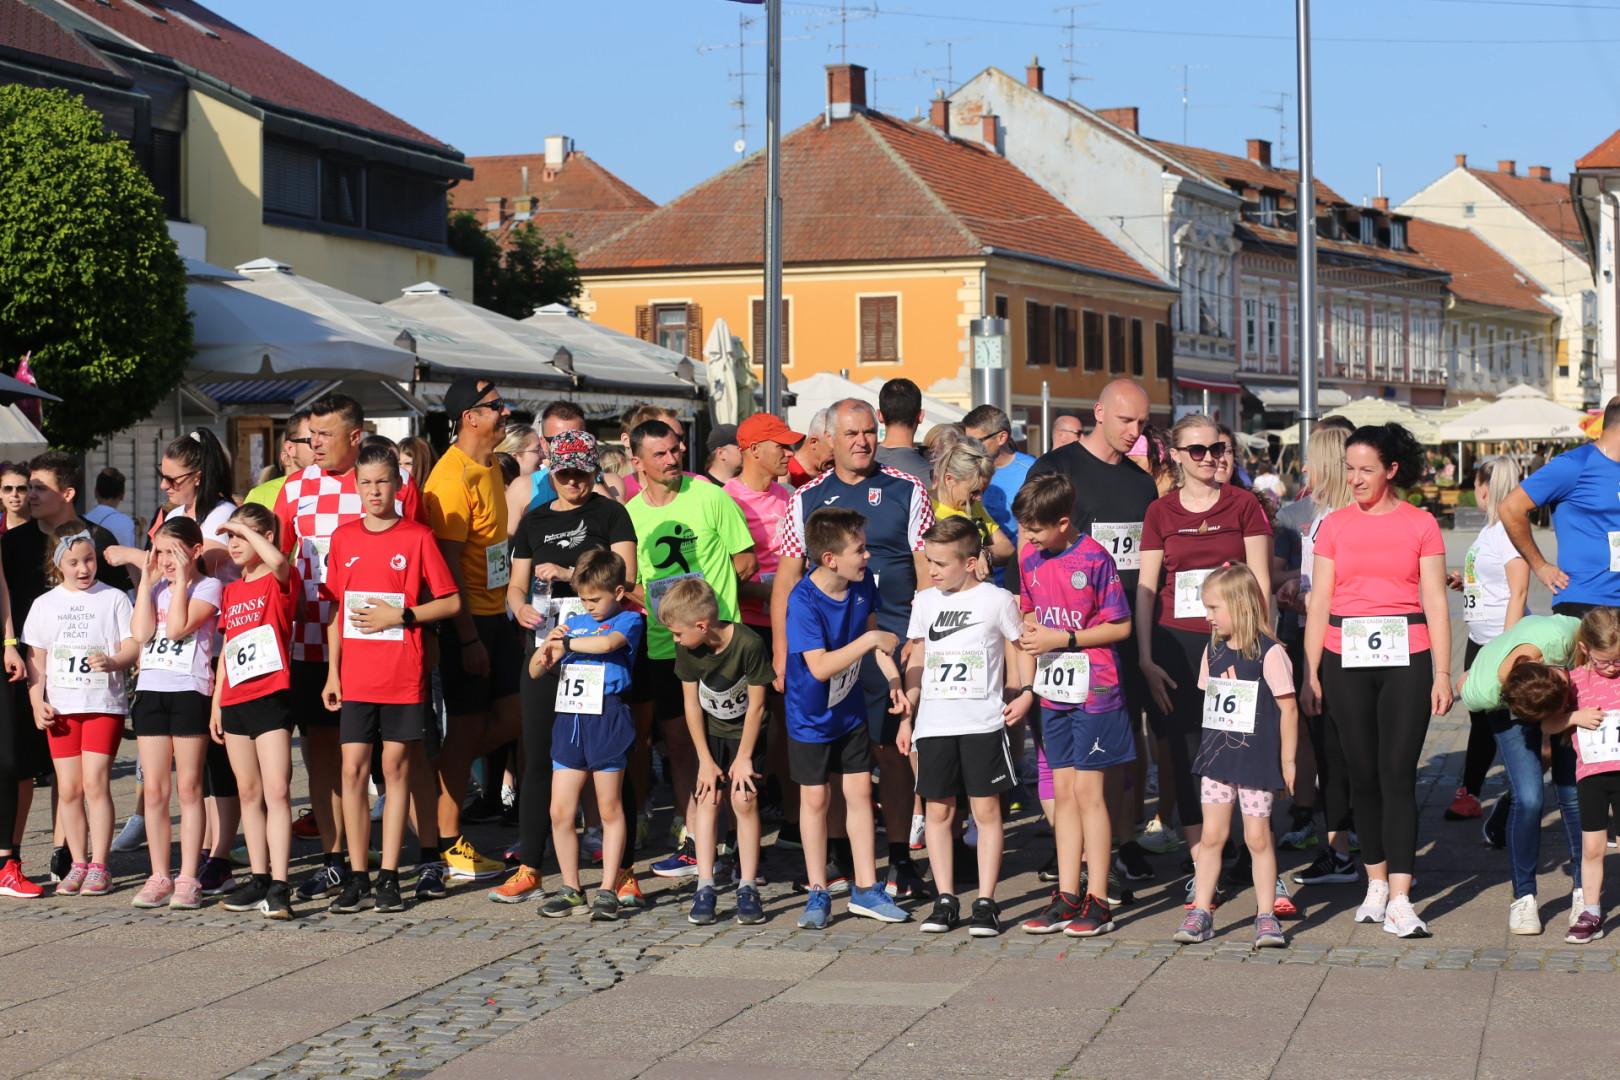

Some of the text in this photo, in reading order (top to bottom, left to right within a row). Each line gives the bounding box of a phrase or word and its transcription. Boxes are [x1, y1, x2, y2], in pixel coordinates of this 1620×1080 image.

[1112, 537, 1133, 554] 19
[57, 613, 96, 621] NARASTEM
[67, 622, 77, 630] JA
[934, 610, 972, 627] NIKE
[63, 630, 88, 639] TRČATI
[1368, 631, 1382, 650] 6
[149, 637, 183, 656] 184
[237, 643, 256, 665] 62
[68, 656, 92, 673] 18
[940, 662, 968, 682] 72
[1043, 667, 1075, 686] 101
[564, 678, 585, 697] 15
[708, 690, 747, 710] 146
[1214, 693, 1236, 714] 16
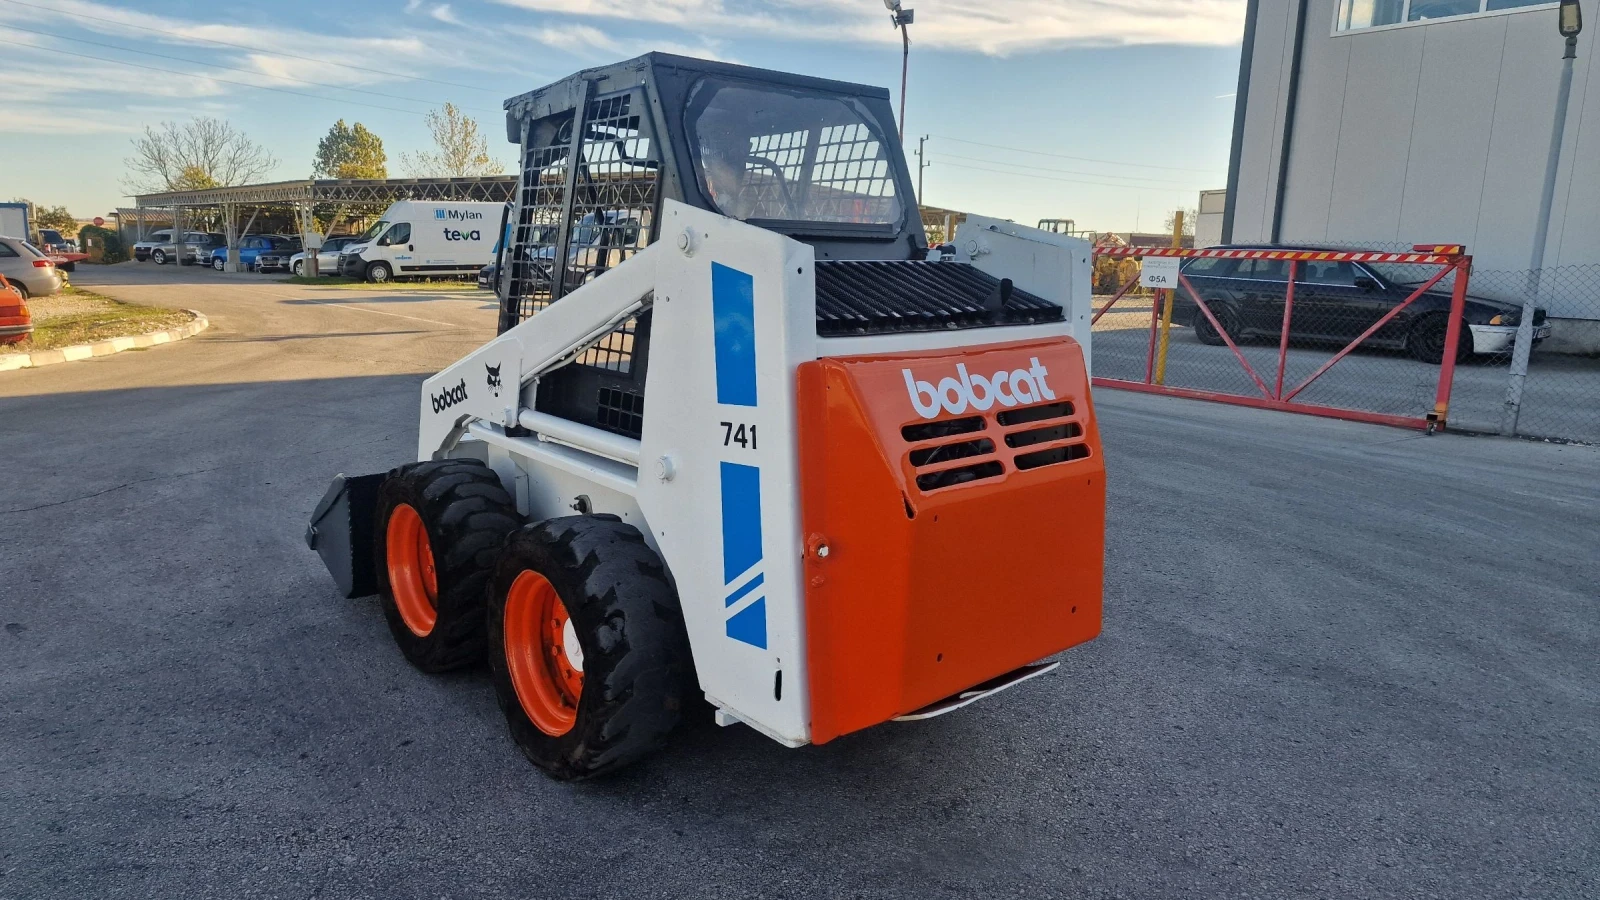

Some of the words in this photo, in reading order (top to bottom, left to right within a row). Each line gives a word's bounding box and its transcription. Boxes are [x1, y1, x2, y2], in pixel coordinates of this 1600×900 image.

[448, 210, 482, 221] Mylan
[443, 227, 481, 241] teva
[431, 377, 468, 414] bobcat
[902, 356, 1056, 419] bobcat
[720, 421, 757, 450] 741

> _ASSIGNED TASK_: Omit the pictures, and quote the material above exactly as given.

> _RESULT OF THE EXERCISE_:
Some of the text in this photo, in reading order (top to bottom, left to right within a row). Each line gives the bounding box of a phrase or word and its transcription. Boxes are [x1, y1, x2, y2], in pixel coordinates of this 1620×1080 image.

[1112, 537, 1133, 554] 19
[57, 613, 96, 621] NARASTEM
[67, 622, 77, 630] JA
[934, 610, 972, 627] NIKE
[63, 630, 88, 639] TRČATI
[1368, 631, 1382, 650] 6
[149, 637, 183, 656] 184
[237, 643, 256, 665] 62
[68, 656, 92, 673] 18
[940, 662, 968, 682] 72
[1043, 667, 1075, 686] 101
[564, 678, 585, 697] 15
[708, 690, 747, 710] 146
[1214, 693, 1236, 714] 16

Some of the words in this photo, in reading order (top to bottom, left to right within a row). Each line gives a word's bounding box and its transcription. Boxes are [x1, y1, x2, y2], in pixel coordinates of this 1600×900 image.

[448, 210, 482, 221] Mylan
[443, 227, 481, 241] teva
[431, 377, 468, 414] bobcat
[902, 356, 1056, 419] bobcat
[720, 421, 757, 450] 741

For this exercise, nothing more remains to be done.